(Text-to-region grounding data)
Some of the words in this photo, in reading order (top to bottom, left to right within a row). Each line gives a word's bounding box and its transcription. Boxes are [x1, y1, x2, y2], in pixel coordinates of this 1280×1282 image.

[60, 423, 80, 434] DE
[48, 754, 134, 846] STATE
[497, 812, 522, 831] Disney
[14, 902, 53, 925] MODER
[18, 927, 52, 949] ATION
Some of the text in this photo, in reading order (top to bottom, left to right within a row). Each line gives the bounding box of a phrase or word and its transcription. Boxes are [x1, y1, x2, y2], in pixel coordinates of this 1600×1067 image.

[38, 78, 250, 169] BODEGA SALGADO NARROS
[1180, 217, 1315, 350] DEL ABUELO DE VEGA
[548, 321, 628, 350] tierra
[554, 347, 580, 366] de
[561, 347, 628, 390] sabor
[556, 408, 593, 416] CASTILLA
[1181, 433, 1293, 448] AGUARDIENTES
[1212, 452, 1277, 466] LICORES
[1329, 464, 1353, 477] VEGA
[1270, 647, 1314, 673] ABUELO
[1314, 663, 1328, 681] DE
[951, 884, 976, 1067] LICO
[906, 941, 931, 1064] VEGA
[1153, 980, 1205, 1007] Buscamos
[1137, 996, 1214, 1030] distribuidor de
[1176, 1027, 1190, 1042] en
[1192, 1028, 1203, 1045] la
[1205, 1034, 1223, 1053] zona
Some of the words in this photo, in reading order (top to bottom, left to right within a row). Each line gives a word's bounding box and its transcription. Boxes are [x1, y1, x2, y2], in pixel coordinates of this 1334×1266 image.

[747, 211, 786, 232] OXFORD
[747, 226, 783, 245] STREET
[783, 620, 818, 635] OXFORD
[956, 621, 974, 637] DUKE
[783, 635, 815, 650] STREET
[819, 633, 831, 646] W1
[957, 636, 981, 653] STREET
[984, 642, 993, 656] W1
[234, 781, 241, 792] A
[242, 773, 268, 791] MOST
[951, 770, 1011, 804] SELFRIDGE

* What the task requires *
Complete, exact output of the records is expected.

* Written answer *
Some of the words in this photo, in reading order (top to bottom, left to right within a row). Each line gives a word's bounding box and its transcription. Boxes are [x1, y1, x2, y2], in pixel coordinates of this 1280×1282 image.

[60, 423, 80, 434] DE
[48, 754, 134, 846] STATE
[497, 812, 522, 831] Disney
[14, 902, 53, 925] MODER
[18, 927, 52, 949] ATION
Some of the text in this photo, in reading order (top to bottom, left to right within a row). Each line gives the bounding box of a phrase or word and its transcription. Boxes are [x1, y1, x2, y2], in pixel coordinates of this 1600×1067 image.

[38, 78, 250, 169] BODEGA SALGADO NARROS
[1180, 217, 1315, 350] DEL ABUELO DE VEGA
[548, 321, 628, 350] tierra
[554, 347, 580, 366] de
[561, 347, 628, 390] sabor
[556, 408, 593, 416] CASTILLA
[1181, 433, 1293, 448] AGUARDIENTES
[1212, 452, 1277, 466] LICORES
[1329, 464, 1353, 477] VEGA
[1270, 647, 1314, 673] ABUELO
[1314, 663, 1328, 681] DE
[951, 884, 976, 1067] LICO
[906, 941, 931, 1064] VEGA
[1153, 980, 1205, 1007] Buscamos
[1137, 996, 1214, 1030] distribuidor de
[1176, 1027, 1190, 1042] en
[1192, 1028, 1203, 1045] la
[1205, 1034, 1223, 1053] zona
Some of the words in this photo, in reading order (top to bottom, left to right within a row). Each line gives a word's bounding box and its transcription. Boxes are [x1, y1, x2, y2], in pixel coordinates of this 1334×1266 image.

[747, 211, 786, 232] OXFORD
[747, 226, 783, 245] STREET
[783, 620, 818, 635] OXFORD
[956, 621, 974, 637] DUKE
[783, 635, 815, 650] STREET
[819, 633, 831, 646] W1
[957, 636, 981, 653] STREET
[984, 642, 993, 656] W1
[234, 781, 241, 792] A
[242, 773, 268, 791] MOST
[951, 770, 1011, 804] SELFRIDGE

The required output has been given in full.